Data extracted from a collection:
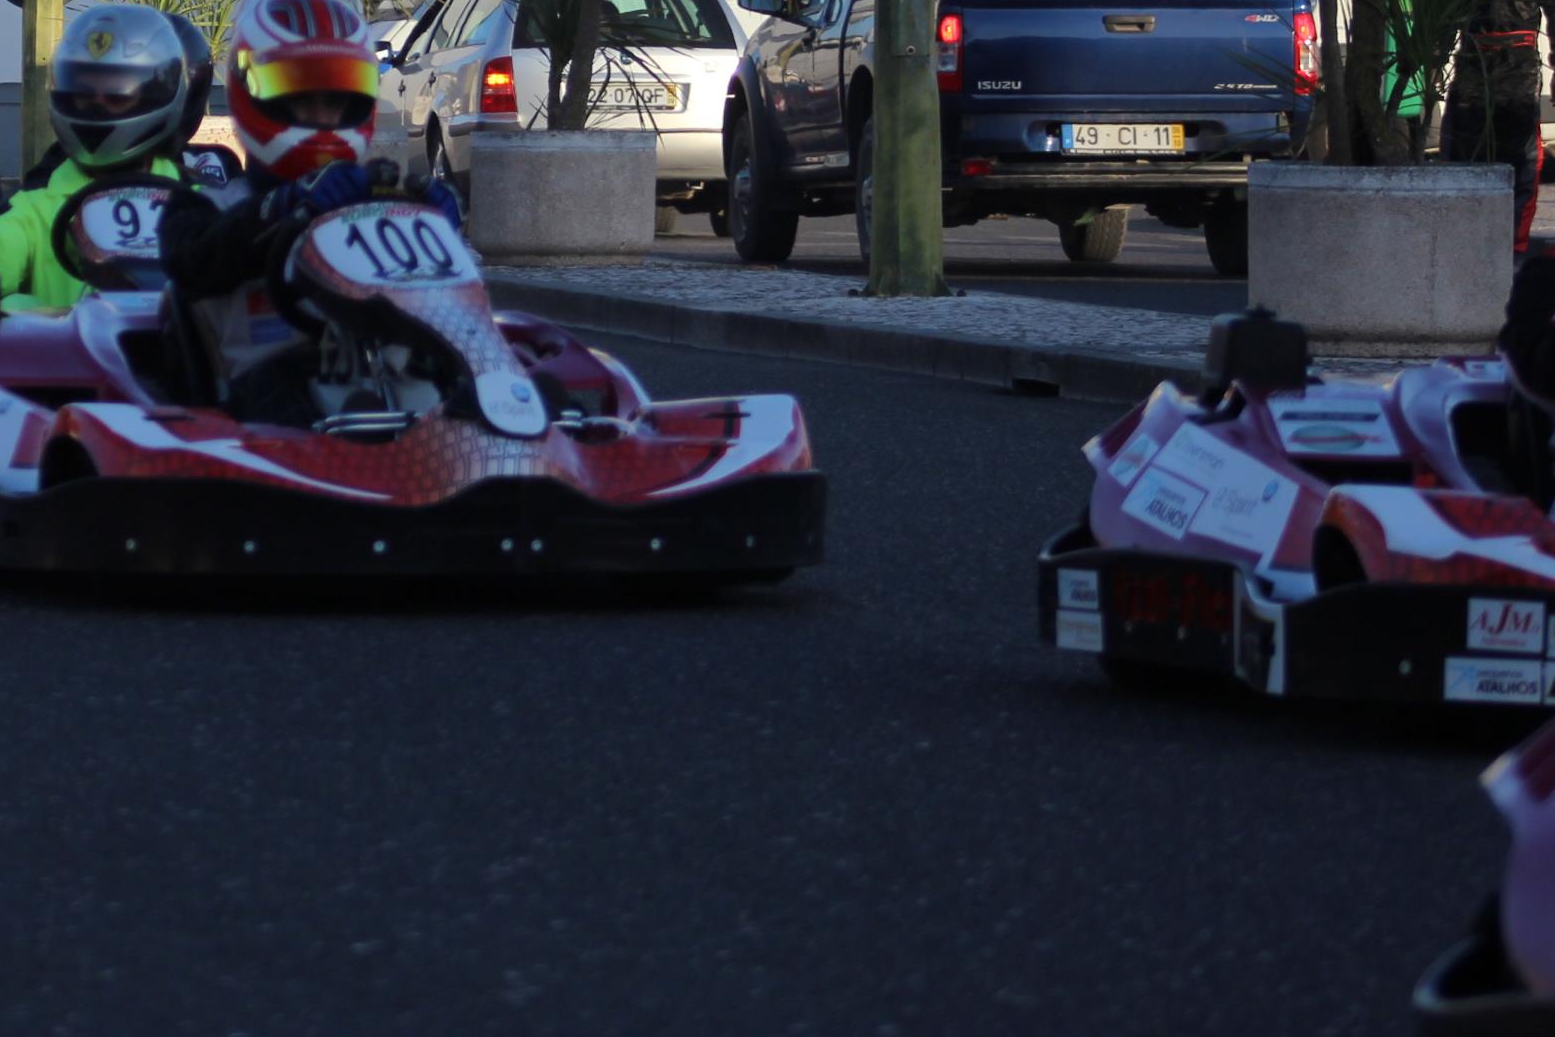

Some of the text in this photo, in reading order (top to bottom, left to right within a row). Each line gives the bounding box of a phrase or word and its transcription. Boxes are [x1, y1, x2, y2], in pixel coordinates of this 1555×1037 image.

[978, 80, 1022, 90] ISUZU
[346, 217, 454, 278] 100
[1476, 679, 1538, 695] ATALHOS
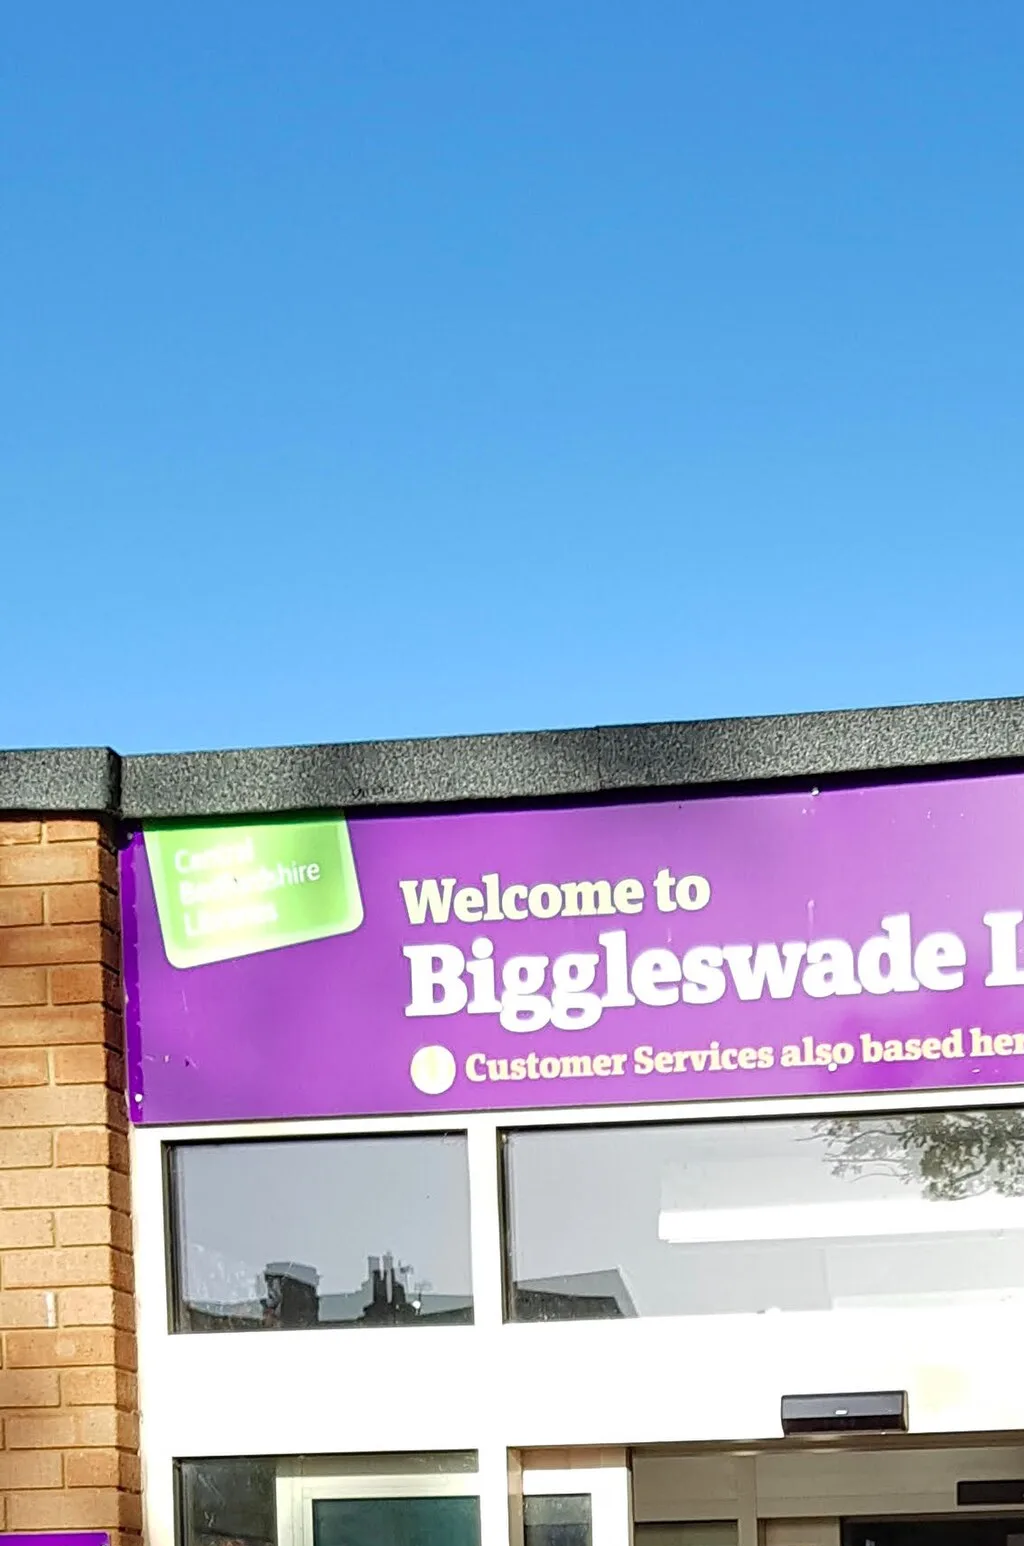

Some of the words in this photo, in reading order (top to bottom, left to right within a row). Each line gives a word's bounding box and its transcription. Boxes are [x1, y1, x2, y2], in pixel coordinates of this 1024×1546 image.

[400, 874, 644, 924] Welcome
[653, 868, 711, 912] to
[403, 912, 968, 1032] Biggleswade
[465, 1051, 627, 1082] Customer
[633, 1041, 774, 1075] Services
[781, 1036, 854, 1067] also
[860, 1029, 966, 1063] based

Try it: No picture is to appear in the copy; every entry above is otherwise to be printed verbatim.

Answer to the problem:
Some of the text in this photo, in reading order (top to bottom, left to right within a row). Each line gives the bounding box of a phrase or word and its transcription. Boxes are [x1, y1, x2, y2], in pixel coordinates of this 1555×1037 image.

[978, 80, 1022, 90] ISUZU
[346, 217, 454, 278] 100
[1476, 679, 1538, 695] ATALHOS

Some of the words in this photo, in reading order (top to bottom, left to right within a row). Each line gives a word's bounding box and its transcription. Boxes are [x1, y1, x2, y2], in pixel coordinates of this 1024×1546 image.

[400, 874, 644, 924] Welcome
[653, 868, 711, 912] to
[403, 912, 968, 1032] Biggleswade
[465, 1051, 627, 1082] Customer
[633, 1041, 774, 1075] Services
[781, 1036, 854, 1067] also
[860, 1029, 966, 1063] based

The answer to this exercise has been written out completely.